Figure 1b. Speech noise with harmonics at different frequency levels.
From a carrier perspective, next-generation suppression and higher voice quality will reduce handset returns and customer churn while increasing minutes of usage since subscribers can use their handsets reliably under a wider range of environmental conditions. Carriers will also see more efficient use of network bandwidth through the improved quality of low bitrate voice codecs, leading to significant capital and operational expense savings.
Stationary versus Non-stationary Noise
Traditional noise suppression techniques identify stationary noise sources that are static or slowly changing in frequency or loudness, such as a fan running in the background (see Figure 1a). Because of their constant nature, these sources can be subtracted from the voice of interest using conventional signal processing techniques.

click to enlarge

Figure 1c. Non-Stationary pen tap noisecomes and goes quickly across a broad frequency spectrum.
Non-stationary noise, in contrast, is characterized by rapid or random changes and frequently arises from multiple sources. Examples of non-stationary noise include a person talking (see Figure 1b), background music, and a pen tapping on a desk (see Figure 1c). By the time these sounds are recognized as noise, they have already changed or passed.

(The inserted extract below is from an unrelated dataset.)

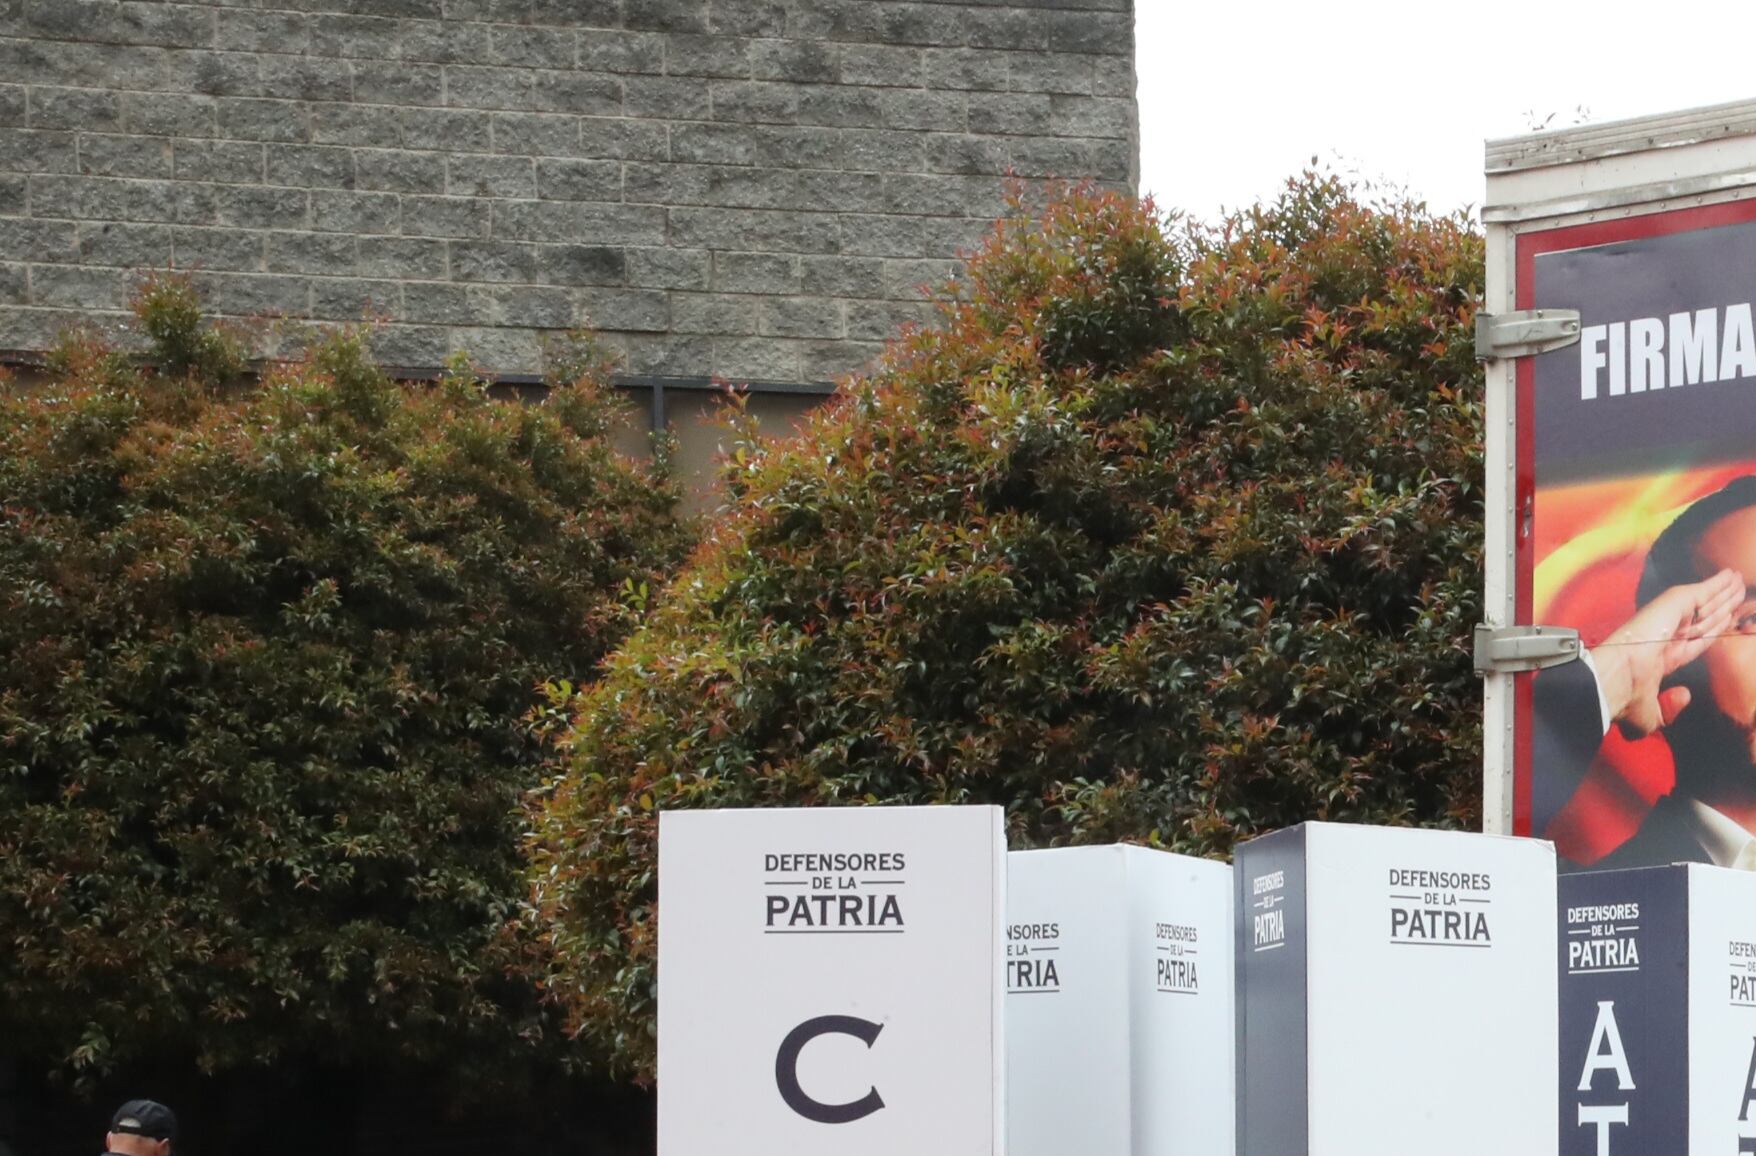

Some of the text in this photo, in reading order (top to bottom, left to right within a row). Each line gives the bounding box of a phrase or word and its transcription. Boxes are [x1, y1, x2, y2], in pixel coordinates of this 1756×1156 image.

As a consequence, more sophisticated noise suppression techniques are required.
Alternative Advanced Noise Suppression Technologies
There are three technologies that are addressing next-generation noise suppression, and all three employ two microphones to capture the audio signal. These technologies include Computational Auditory Scene Analysis (CASA), Beam Forming (BF), and Blind Source Separation (BSS).

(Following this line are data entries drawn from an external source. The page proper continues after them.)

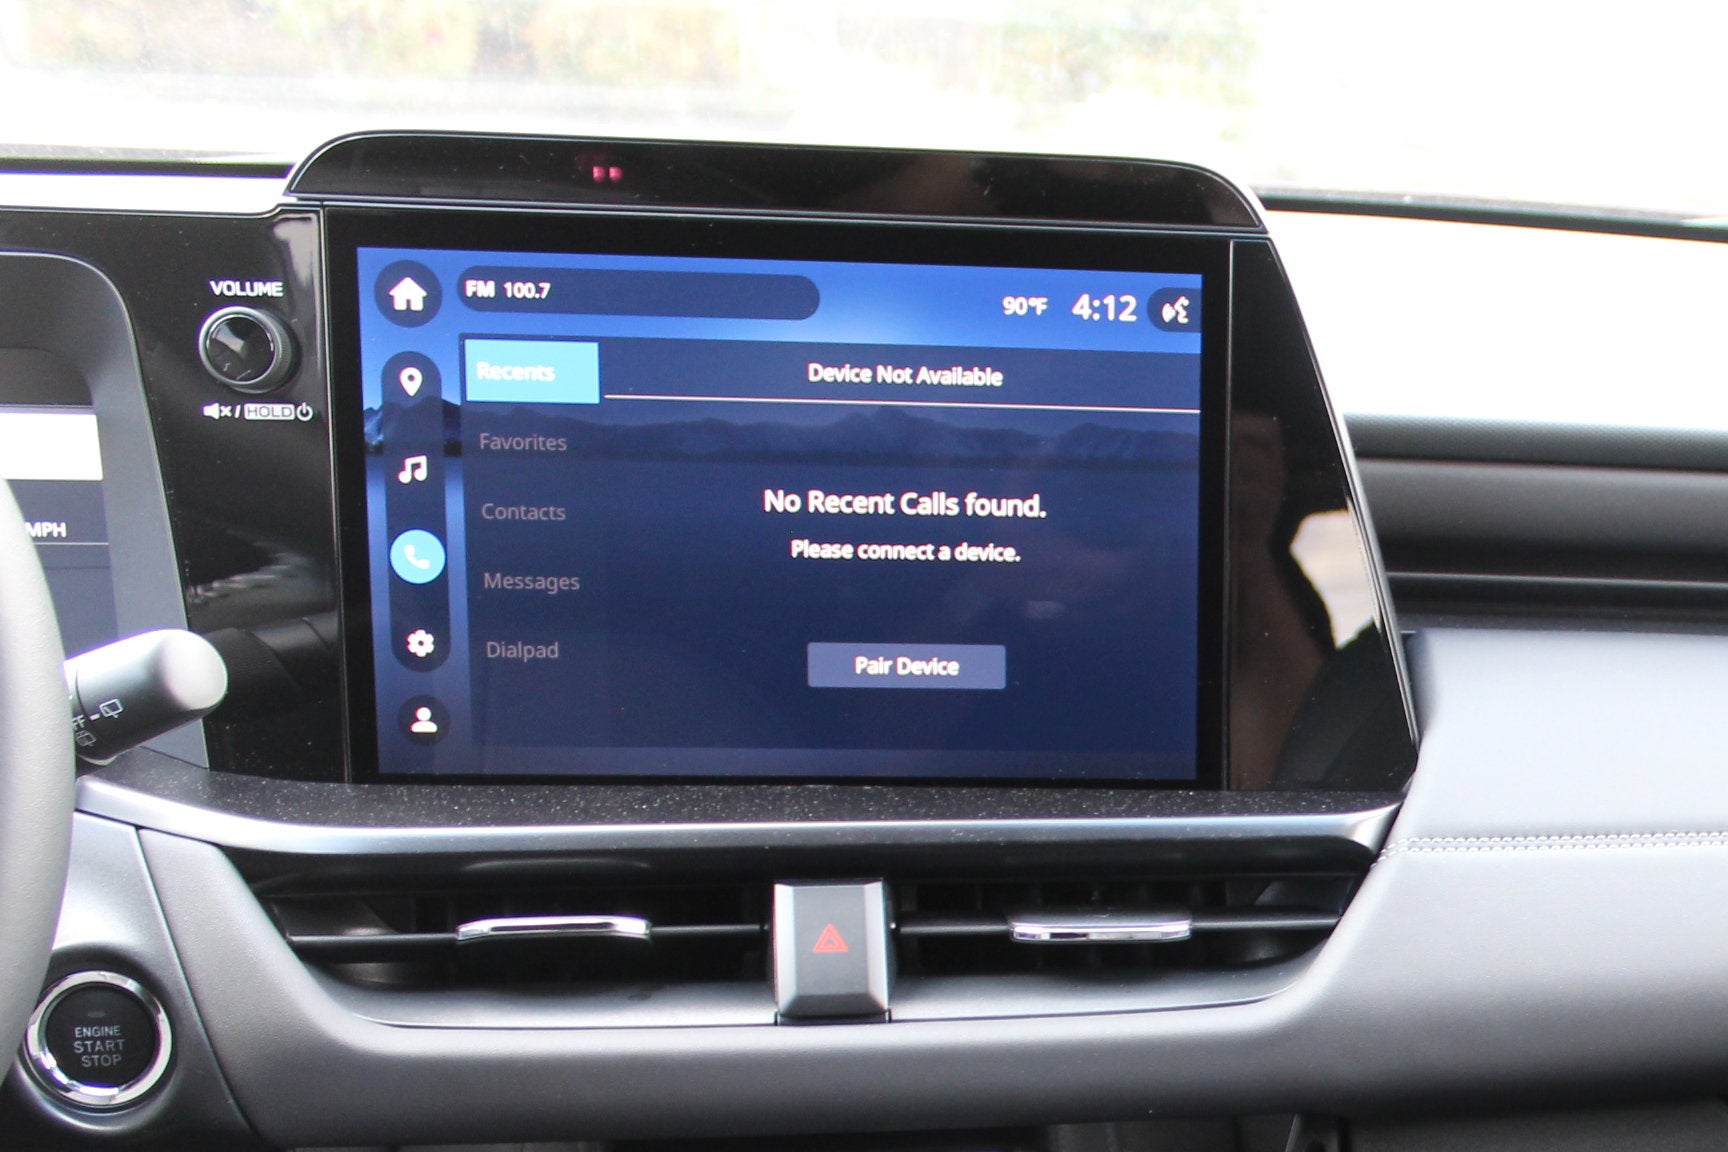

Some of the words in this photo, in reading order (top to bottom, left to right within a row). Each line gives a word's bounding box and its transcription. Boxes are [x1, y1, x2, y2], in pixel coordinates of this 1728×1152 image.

[210, 280, 284, 297] VOLUME
[465, 280, 496, 298] FM
[503, 281, 552, 300] 100.7
[1071, 293, 1138, 322] 4:12
[476, 361, 556, 382] Recents
[807, 362, 873, 385] Device
[876, 364, 914, 385] Not
[916, 365, 1004, 388] Available
[246, 406, 294, 419] HOLD
[479, 433, 568, 451] Favorites
[481, 503, 567, 521] Contacts
[764, 489, 802, 513] No
[807, 490, 895, 514] Recent
[899, 492, 961, 516] Calls
[964, 492, 1048, 519] found.
[26, 522, 68, 538] MPH
[790, 539, 854, 560] Please
[857, 543, 935, 561] connect
[937, 545, 951, 562] a
[953, 541, 1021, 563] device.
[484, 572, 581, 595] Messages
[487, 641, 560, 663] Dialpad
[854, 656, 894, 676] Pair
[896, 656, 961, 677] Device
[75, 1025, 122, 1038] ENGINE
[73, 1039, 126, 1054] START
[81, 1054, 122, 1068] STOP

Blind Source Separation (BSS) uses a simple linear un-mixing technique that assumes that there are at least as many microphones as there are sound sources. However, real-world conditions generally involve a large number of sound sources, requiring an impractical number of microphones for a successful BSS solution. In practice, BSS solution providers often use a simple time-domain Voice Activity Detector (VAD) to overcome this weakness, which limits their robustness and suppression consistency in noisy environments. Blind Source Separation solutions are also sensitive to reverberation and to motion of sound sources.

click to enlarge

Figure 2. This figure shows the FCT of a noise corrupted voice signal before (a) and after (b) non-stationary noise suppression has been applied, providing on the order of 25 dB of noise suppression.
With beam forming solutions, the primary speaker is identified within a cone-shaped area of interest emanating the microphone. As a consequence, any distracters that are located within the beam – such as someone sitting or standing behind the user – are not filtered out and will incorrectly be passed through as being part of the voice of interest. Further, beam forming systems tend to have very long convergence times, on the order of 5 to 15 seconds, before the noise suppression engages. Many Beam forming solutions also require a specialized, cardioid (unidirectional) primary microphone which increases system production cost. It has also been found that Beam Forming solutions are very sensitive to microphone mismatch, which can cause serious problems in high-volume production.

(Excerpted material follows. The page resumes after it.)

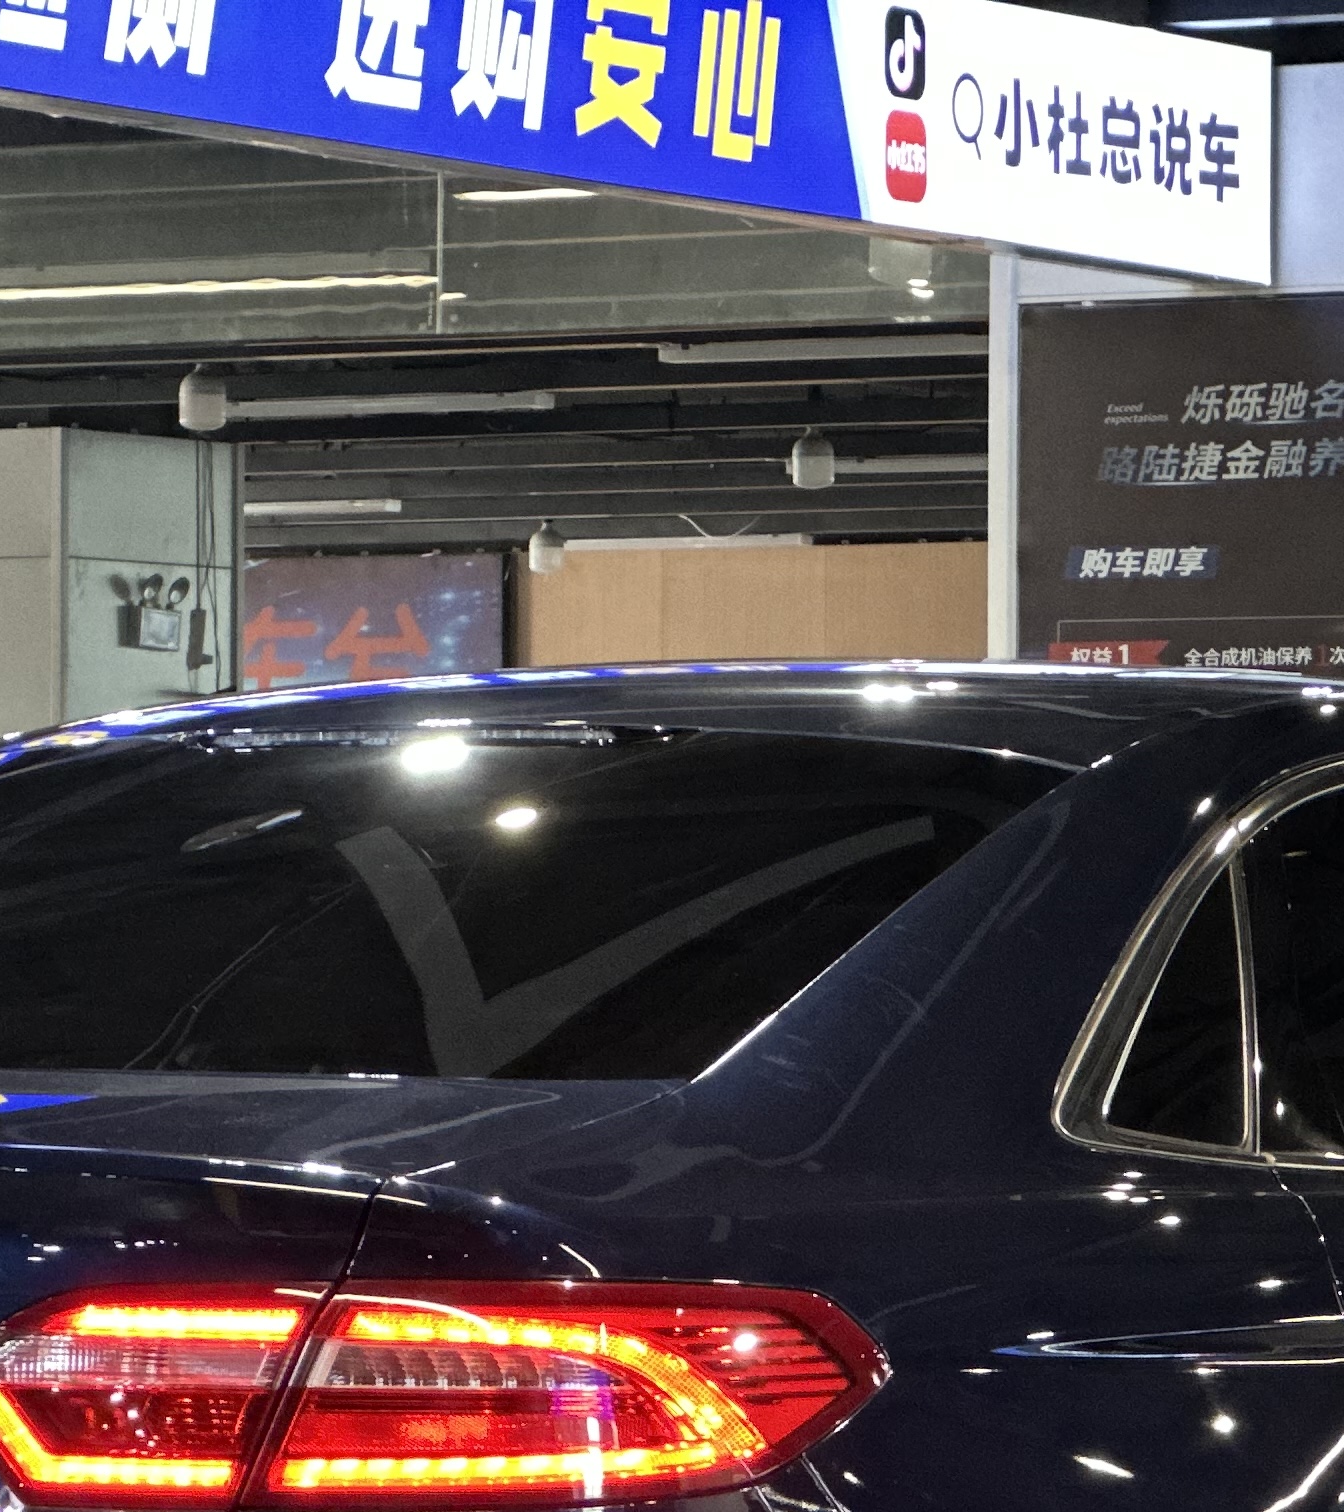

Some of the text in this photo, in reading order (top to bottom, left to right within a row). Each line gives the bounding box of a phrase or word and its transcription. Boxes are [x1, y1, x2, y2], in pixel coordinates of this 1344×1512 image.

[995, 74, 1241, 203] 小杜总说车
[1079, 546, 1208, 579] 购车即享

While both Blind Source Separation and Beam Forming techniques can suppress noise in some conditions, each has shortcomings which make them poorly suited to production quality cell phones.
CASA Computational Auditory Scene Analysis
Auditory neuroscience underlies a new approach to advanced noise suppression. The science of Computational Auditory Scene Analysis details a methodology based on the human auditory pathway – from the cochlea to the brain stem to the thalamus and cortex. Emulating the way that the human hearing system characterizes and groups the audio stream into sound sources proves to be an extremely efficient and accurate way to suppress both stationary and non-stationary noise.

CASA provides the necessary mechanisms to correctly distinguish a voice of interest from other voices or noise sources. Consider how a person at a cocktail party is able to follow a conversation even when the background is filled with other voices and loud music. What makes listening in such an environment difficult is that most sounds, including voice and music, are comprised of multiple frequencies which make up the perceived quality of the sound. When two or more sounds occur at the same time, the various components from each sound are received by the human ear at the same time or overlap each other.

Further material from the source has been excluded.